■ **Data section**:
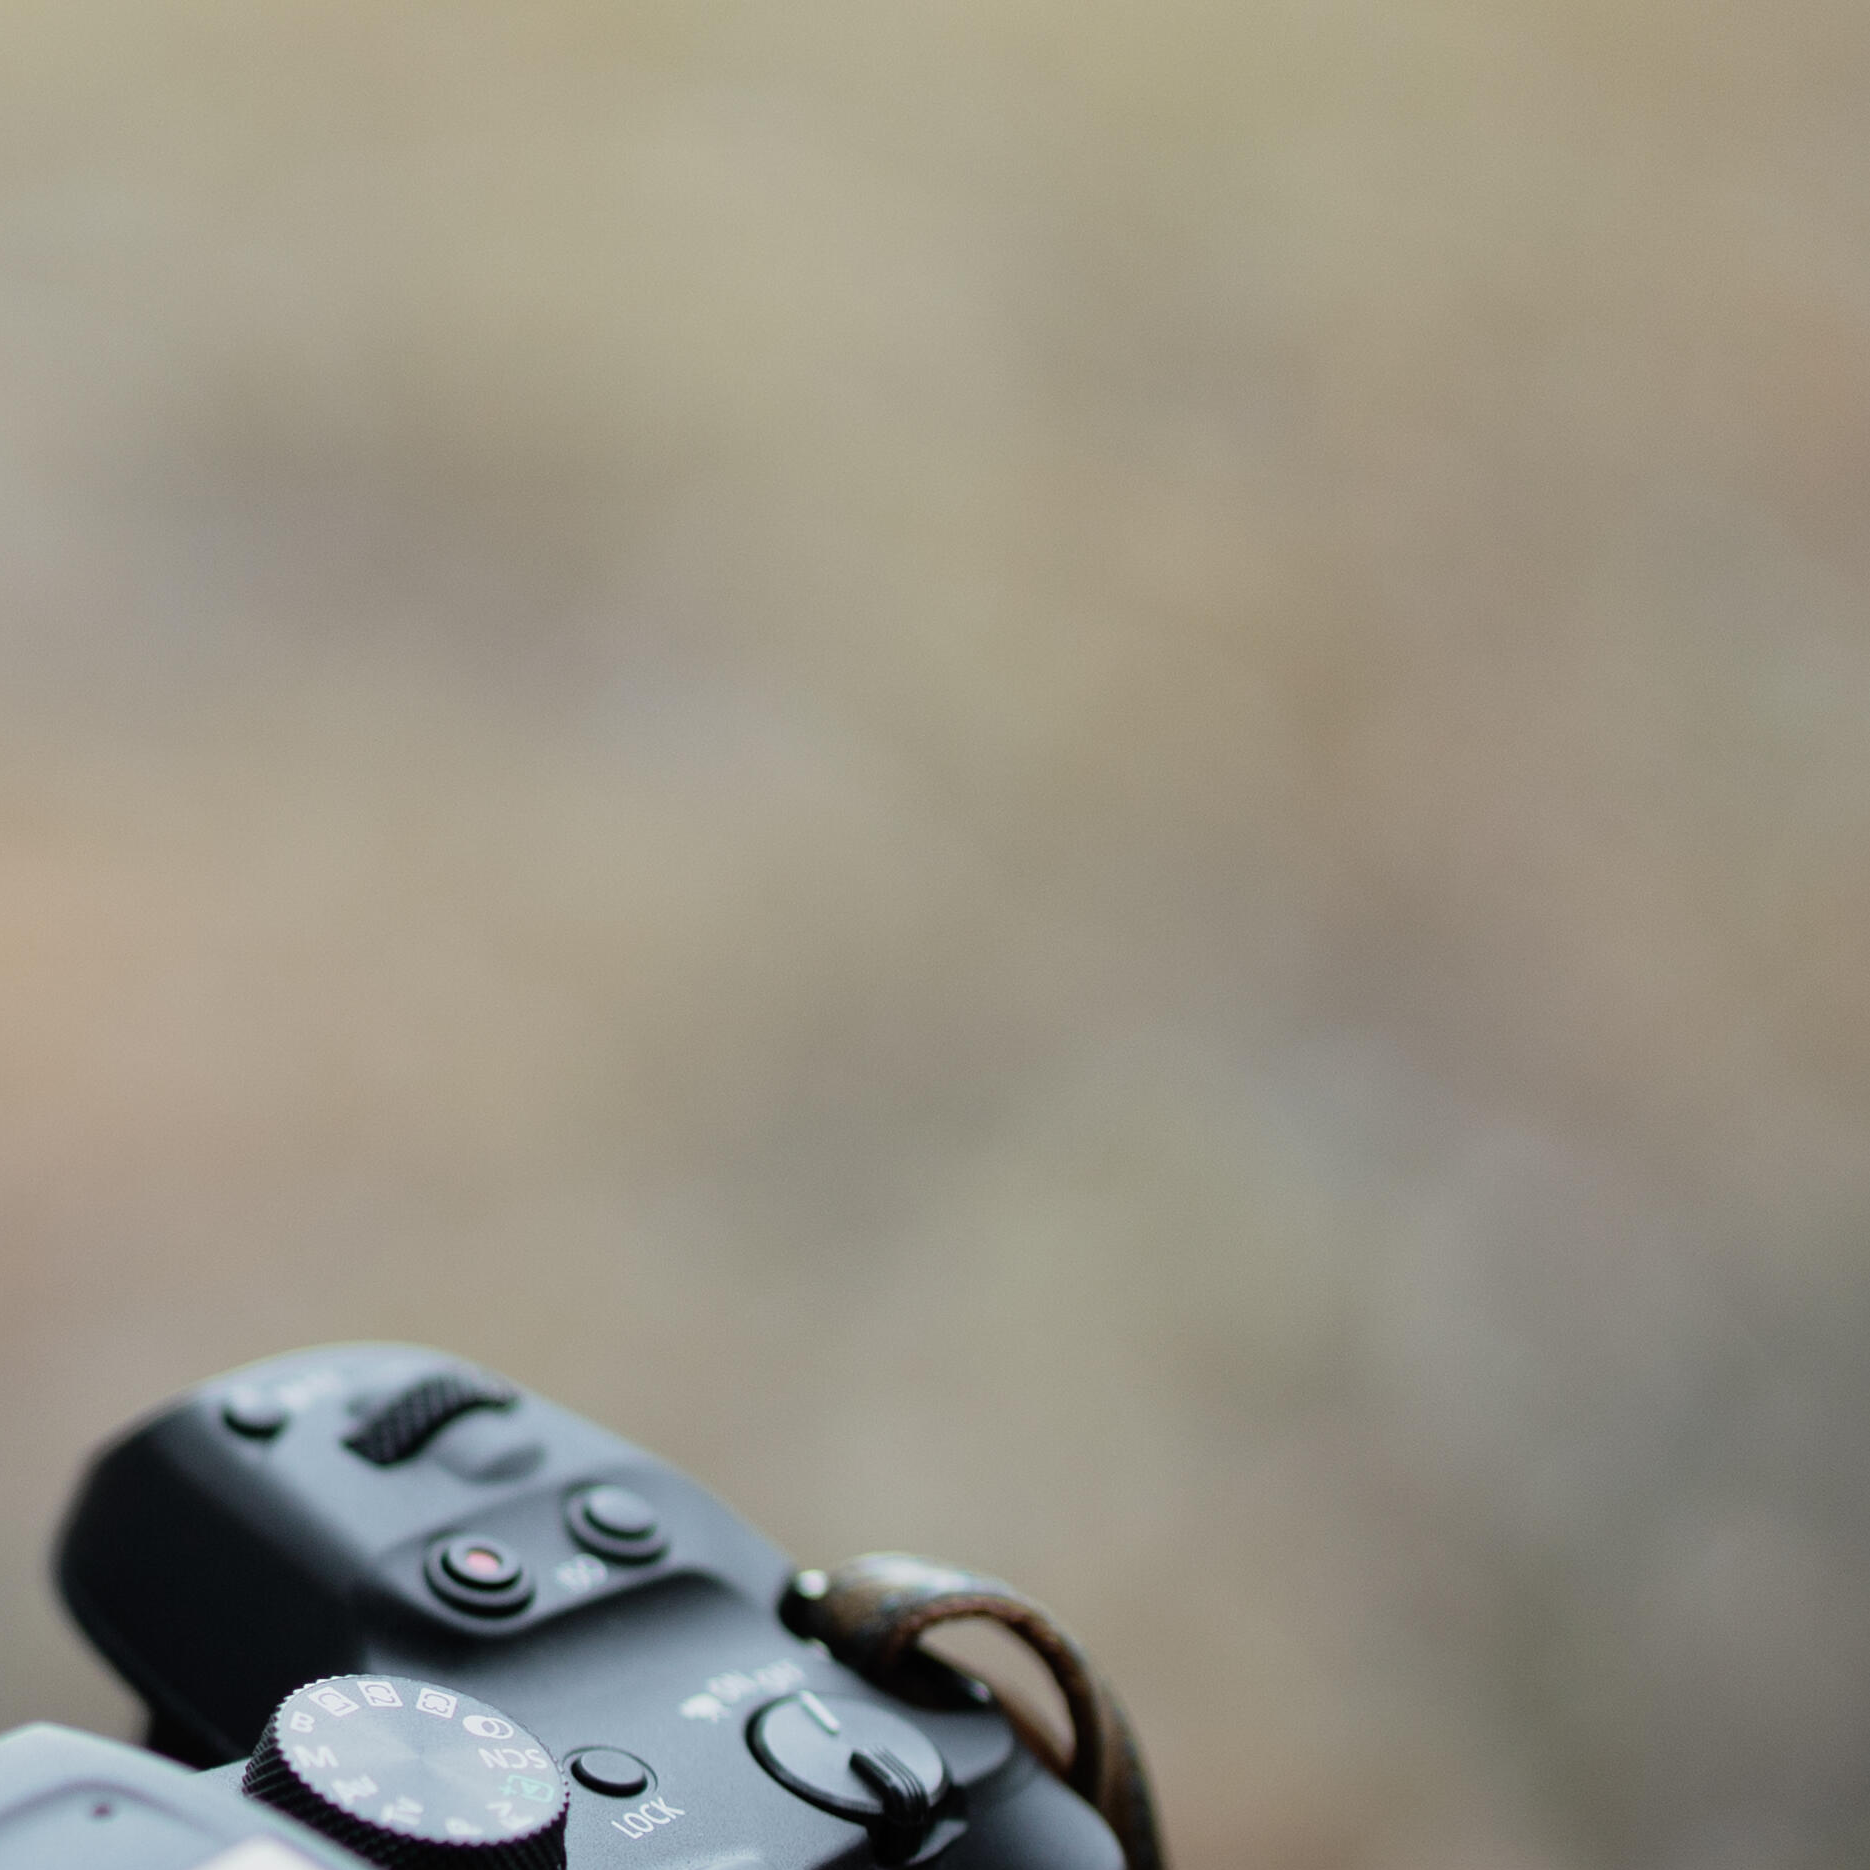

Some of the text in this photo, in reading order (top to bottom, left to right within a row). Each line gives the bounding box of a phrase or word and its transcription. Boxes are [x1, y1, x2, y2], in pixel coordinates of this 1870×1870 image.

[289, 1711, 315, 1733] B
[293, 1745, 339, 1768] M
[478, 1748, 547, 1770] SCN
[611, 1797, 685, 1840] LOCK

■ **Directions**: Restate the material above word for word, so that nothing changes except that the pictures are gone.

■ **Solution for this exercise**:
Some of the text in this photo, in reading order (top to bottom, left to right within a row). Each line gives the bounding box of a phrase or word and its transcription. Boxes are [x1, y1, x2, y2], in pixel coordinates of this 1870×1870 image.

[289, 1711, 315, 1733] B
[293, 1745, 339, 1768] M
[478, 1748, 547, 1770] SCN
[611, 1797, 685, 1840] LOCK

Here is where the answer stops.